Lindelof on Ridley and the Alien series: “He hasn’t seen the Alien vs. Predator films. He likes Cameron’s sequel but he admits to feeling a little conflicted that he was passed over in terms of directing the sequel. He’s a huge Fincher fan and feels sorry that David was so hamstrung in terms of what he could and could not do in terms of Alien 3, and while he acknowledges that it’s a beautiful looking film I think he wishes that Fincher would have been allowed to do what Fincher does on that film. I have a feeling that if Alien 3 had been Fincher’s third film instead of his first then it would have been up there in the pantheon of great sci-fi. We didn’t talk about Resurrection.”

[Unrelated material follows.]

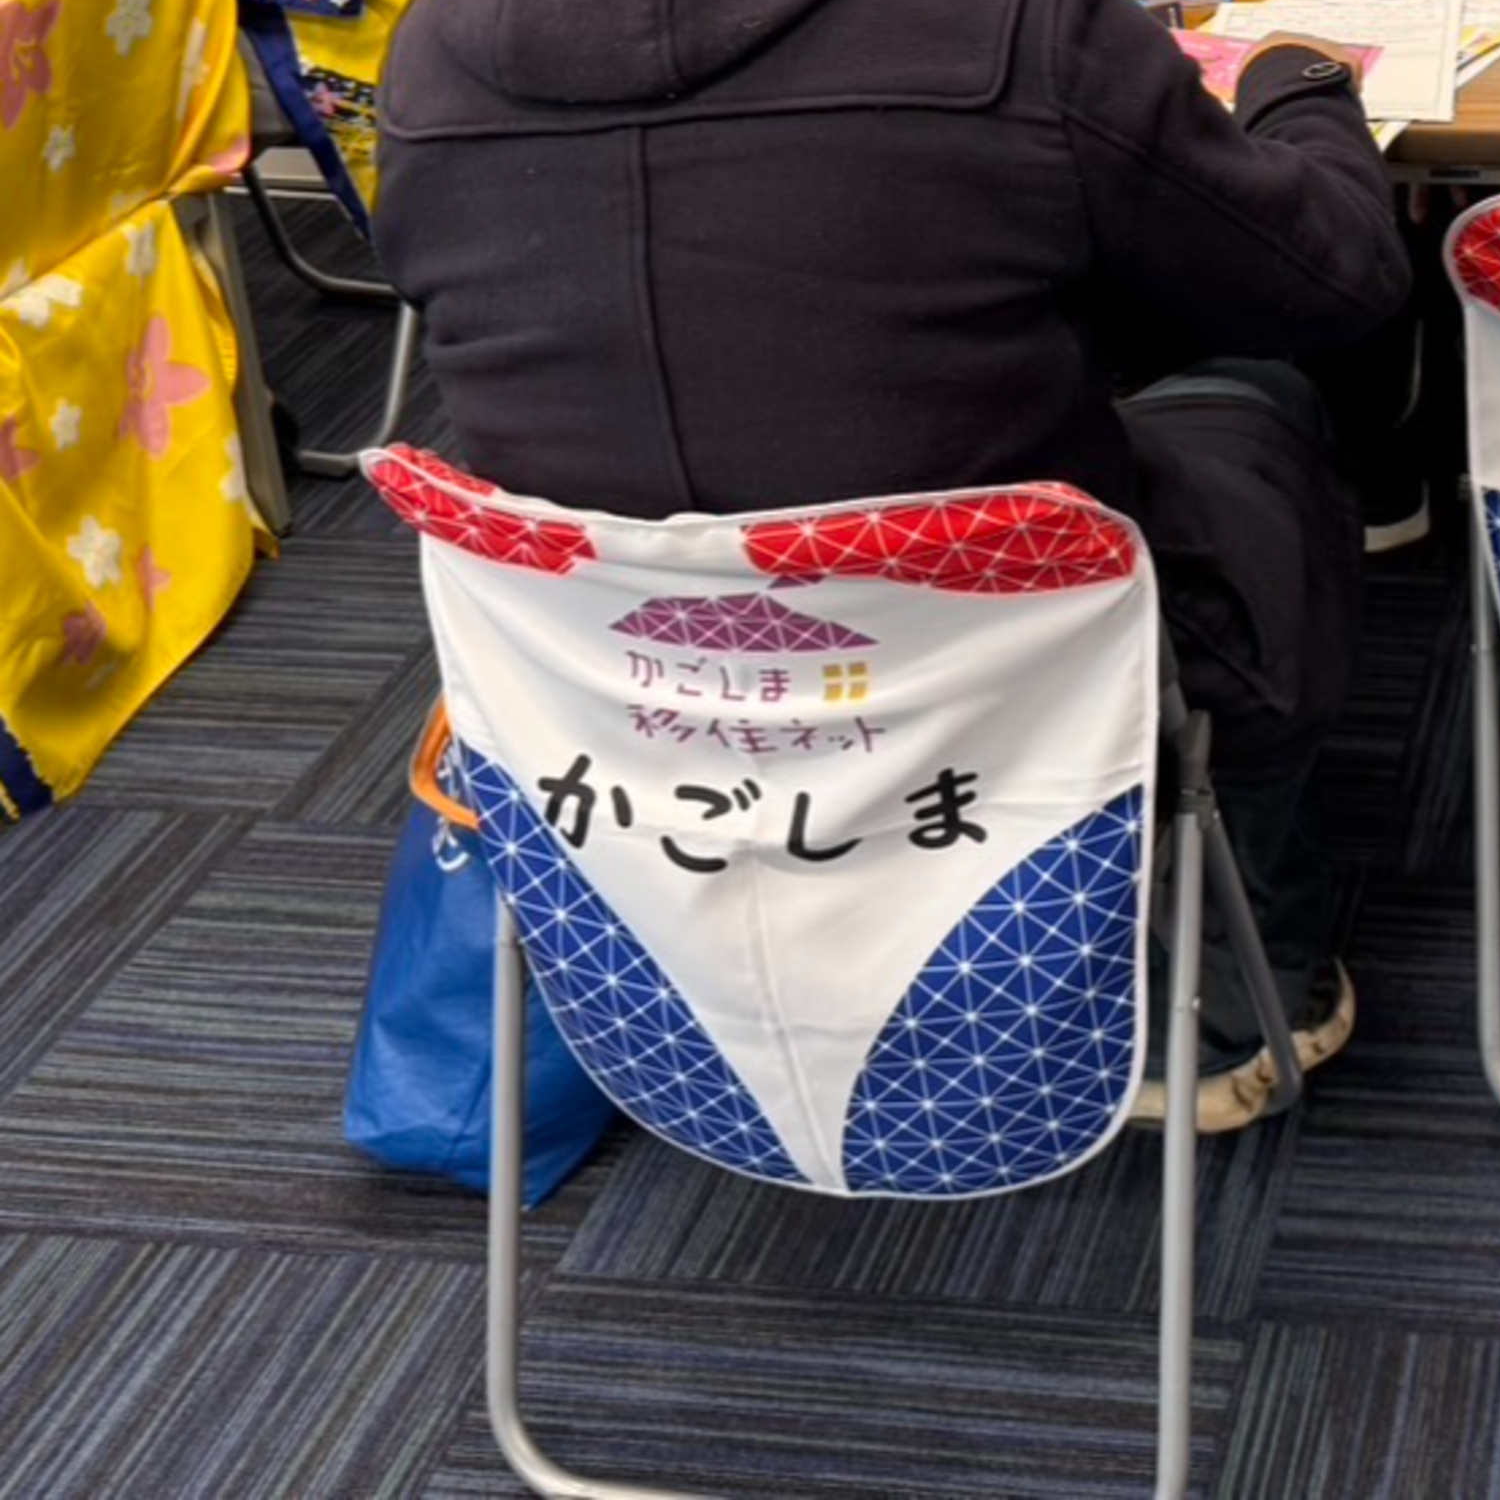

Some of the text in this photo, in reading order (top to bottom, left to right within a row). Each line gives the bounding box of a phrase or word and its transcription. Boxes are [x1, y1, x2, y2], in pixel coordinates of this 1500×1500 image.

Prometheus, like Alien before it, seems to carry within it the DNA of several progenitor films. The stowaway Weyland seems like a riff on Dark Star‘s frozen Commander Powell gag, though it’s more in line with an idea abandoned in Blade Runner, where Eldon Tyrell is revealed to be harboured away within a stasis chamber. Some of the spacesuits evoke Planet of the Vampires; the Space Jockey’s battle with the Trilobite creature evokes panels from Dan O’Bannon/Moebius’ The Long Tomorrow (panels from the comic strip can even be seen pinned to production storyboards); and the Space Jockey temple is very clearly derived from HR Giger’s Harkonnen Castle design from Jodorowsky’s unmade Dune. But most important is the film’s tie to Alien itself. Beyond the obvious Space Jockey creature and derelict spacecraft (now fully functional and called the Juggernaut), Prometheus returns to ideas abandoned in the original film: from major themes like ancient alien civilisations and von Däniken-esque interstellar gods, to little nods like the crew of the Prometheus salvaging a Space Jockey’s head, just as the crewmen of Dan O’Bannon’s script return to their ship with the ossified head of the derelict’s pilot. Though Alien presented the Space Jockey and its cargo as beings that are entirely distant from us, the universe was rendered smaller in Prometheus by linking the Engineers to Earth’s history. However, this is not necessarily any less Lovecraftian than the original film: in the Lovecraft mythos and cosmogony, which Dan O’Bannon drew heavily on, ancient alien deities once ruled the Earth, but have since fallen into a death-like slumber. Their awakening will spell the end for humanity. The parallels here with Prometheus are obvious.

Alien went to where the Old Ones lived,” claimed Dan O’Bannon. It was a decades-long journey, but Prometheus, for all it successes and failures, turned its needle back towards some central core of the Alien mythos, which had been diverted over the years by Ripley-centric sequels and comic book mash-ups.

Speaking to the BBC about Prometheus and the planet housing the Space Jockey facility, LV-223, Ridley stated: “Yeah, it’s not the same planet [from Alien] at all … If there was a sequel to this, which there might be if the film is successful, there’ll be two more of these before you even get to Alien.”

In an interview with movies.com, Scott said: “From the very beginning, I was working from a premise that lent itself to a sequel. I really don’t want to meet God in the first one. I want to leave it open to [Dr. Elizabeth Shaw] saying, ‘I don’t want to go back to where I came from. I want to go where they came from’ … I’d love to explore where the hell [Dr. Shaw] goes next and what she does when she gets there, because if it is paradise, paradise cannot be what you think it is. Paradise has a connotation of being extremely sinister and ominous …”

Ridley Scott on the Orrery/pilot chamber set. Destination: Paradise?